100A 3-pole is your tap limit with this bussing. Period.

You are limited by the conductivity of aluminum and the surface-contact area given the dimensions of the C/Bs where they meet the bus.

If it had been ordered -- years back when -- with pass through lugs at the bottom -- you'd be good to go. The panel can is certainly dimensioned to permit such schemes.

However, once the design was committed, there is no field kit available to make the bussing 'grow.'

C-H will have to sell you a wholly new set of guts -- with the magic pass-thru lugs at the bottom. You'll pay dearly, of course.
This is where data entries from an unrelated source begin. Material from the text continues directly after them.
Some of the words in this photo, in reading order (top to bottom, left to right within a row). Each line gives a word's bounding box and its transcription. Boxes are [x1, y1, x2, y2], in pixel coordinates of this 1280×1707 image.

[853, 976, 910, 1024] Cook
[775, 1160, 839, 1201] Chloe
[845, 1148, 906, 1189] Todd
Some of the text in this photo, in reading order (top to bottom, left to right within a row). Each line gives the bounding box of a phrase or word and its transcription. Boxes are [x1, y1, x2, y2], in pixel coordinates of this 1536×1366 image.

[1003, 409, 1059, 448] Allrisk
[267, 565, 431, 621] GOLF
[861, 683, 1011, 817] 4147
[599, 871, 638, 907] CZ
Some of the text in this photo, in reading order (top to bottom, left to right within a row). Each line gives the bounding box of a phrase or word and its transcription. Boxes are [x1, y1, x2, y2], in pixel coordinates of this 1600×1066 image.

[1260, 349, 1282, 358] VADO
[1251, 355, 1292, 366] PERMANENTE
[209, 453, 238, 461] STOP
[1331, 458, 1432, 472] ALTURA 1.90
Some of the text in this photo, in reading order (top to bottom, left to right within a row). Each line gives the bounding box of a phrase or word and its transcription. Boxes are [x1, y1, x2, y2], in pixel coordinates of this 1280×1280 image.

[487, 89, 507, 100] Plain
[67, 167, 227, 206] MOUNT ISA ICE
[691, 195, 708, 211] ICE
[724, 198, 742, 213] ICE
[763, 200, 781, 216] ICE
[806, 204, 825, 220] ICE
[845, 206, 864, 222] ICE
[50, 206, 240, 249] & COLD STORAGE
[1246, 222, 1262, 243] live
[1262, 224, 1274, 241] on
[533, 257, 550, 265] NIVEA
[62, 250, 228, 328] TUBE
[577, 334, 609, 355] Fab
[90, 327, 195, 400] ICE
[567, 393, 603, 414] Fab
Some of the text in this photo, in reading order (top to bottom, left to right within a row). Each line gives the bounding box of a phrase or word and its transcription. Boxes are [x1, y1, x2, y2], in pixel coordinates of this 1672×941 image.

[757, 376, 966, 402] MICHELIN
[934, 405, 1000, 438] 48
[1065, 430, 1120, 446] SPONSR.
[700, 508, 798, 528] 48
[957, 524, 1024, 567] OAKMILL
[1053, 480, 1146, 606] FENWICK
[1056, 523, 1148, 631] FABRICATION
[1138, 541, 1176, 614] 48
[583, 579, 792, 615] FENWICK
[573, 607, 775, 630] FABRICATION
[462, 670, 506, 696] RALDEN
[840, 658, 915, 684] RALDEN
Twinned 100A panels is THE obvious solution. 

One could imagine some tortured scheme that uses twinned 100A C/Bs to feed a 200A daughter breaker -- in parallel. You'd be using the tap-rules and equal-length conductors. You might get away with some combiner blocks -- so often used these days in PV schemes.

This would all be to no proper purpose -- a total waste of time and materials -- to craft a pretty dodgy scheme. ( Painful to look at. )


----------



## ponyboy (Nov 18, 2012)

Did you already check to see if there's a feed through lug kit for that panelboard? Start with that. If it doesn't you might have to see about intercepting the feeder and splitting it before the panelboard. Feed through kits are available for most interiors but you usually need a bigger tub than normal to accommodate it so even if you can get a kit your tub is probably too small. 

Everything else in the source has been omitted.